Another embodiment of a liquid separator is designed to flow liquid from the liquid separator of a feed system to produce comminuted pulp pulp material comprising a rolled plate formed in a cylindrical sieving basket, and columns or rows of slots formed in the vertically oriented plate, where each slot has a curved entry corner edge adjacent an inner surface of the plate, and each slot is oblique to a vertical basket axis. A single welded joint extends vertically between the contact edges of the plate, and a conveyor thread is internal to the cylindrical screening basket. The edge of the curved corner entry slot may be rounded, chamfered, declined, and / or inclined. The curved inlet corner edge may have a radius of curvature in a range of one third to two thirds of a plate thickness.

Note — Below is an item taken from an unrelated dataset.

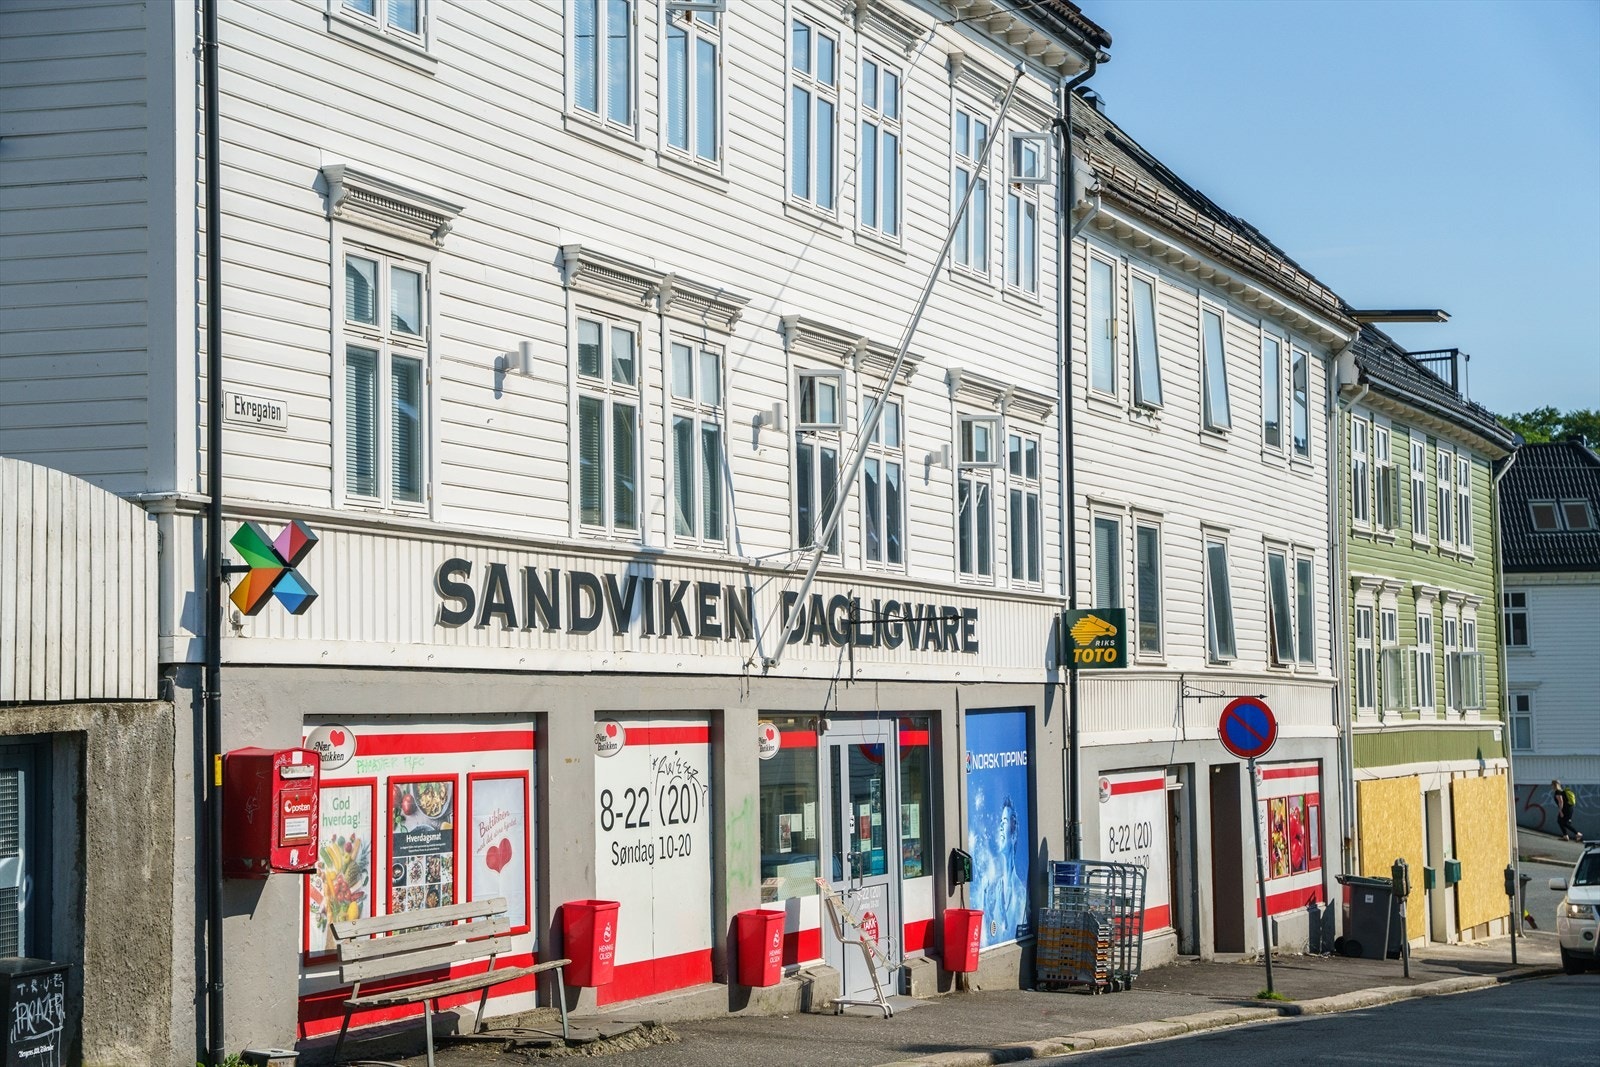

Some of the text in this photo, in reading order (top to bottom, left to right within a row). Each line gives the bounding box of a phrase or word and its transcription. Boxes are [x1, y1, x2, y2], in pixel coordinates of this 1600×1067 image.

The curved corner edge can be just one of the bottom edge or top edge of each slot, or both edges of the slots.

BRIEF DESCRIPTION OF THE DRAWINGS FIG. 1 is a schematic illustration of a continuous digester system employing a conventional chip feed system including an in-line outlet. FIG. 2 is a cross-sectional view of a conventional in-line outlet. FIG. 3 is a side view of a sieve basket for the in-line sewer showing the right side of the cross-sectional sieve basket. FIGS. 4, 5, and 6 show, respectively, an outer surface, cross section, and inner surface of a portion of the screening basket. FIG. 7 shows a cross section of a slot in the screening basket.

DETAILED DESCRIPTION OF THE DRAWINGS FIG. 1 is a schematic illustration of a chip feed system 10 for a conventional continuous digester plant. The chip feed system 10 includes an in-line outlet 12. The in-line outlet 12 receives a slurry of black liquor comprised of liquor and solids, for example, chips, fines, and wooden pins discharged from an outlet. low pressure liquor 14 from a high pressure transfer device 16 (in this case a high pressure feeder). The black liquor slurry stream has a high liquor to solids ratio because a screen on the liquor outlet prevents most solids, especially splinters, from being discharged from that low pressure liquor outlet 14. The slurry black liquor stream flows through low pressure output conduit from the high pressure feeder 18 and into a sand separator 20, for example, a centrifugal sand separator having a lower discharge opening for heavy solids, for example sand and fine particles, and a upper discharge opening for the slushy liquor black liquor stream and lighter solids, for example, chips, fines, and pins. The pasty black liquor stream flows into the in-line outlet 12 which removes a portion of the liquid from the pasty black liquor stream and directs the removed liquid (strained liquid) to a storage tank 22 for use in the digestion system. The slurry stream of black liquor with the remaining liquid flows through the recirculated liquid outlet conduit 24 and enters the recirculated liquid stream comprised of splinters and liquid moving from a splinter box 26, through a splinter tube 28 and to the high pressure transfer device 16.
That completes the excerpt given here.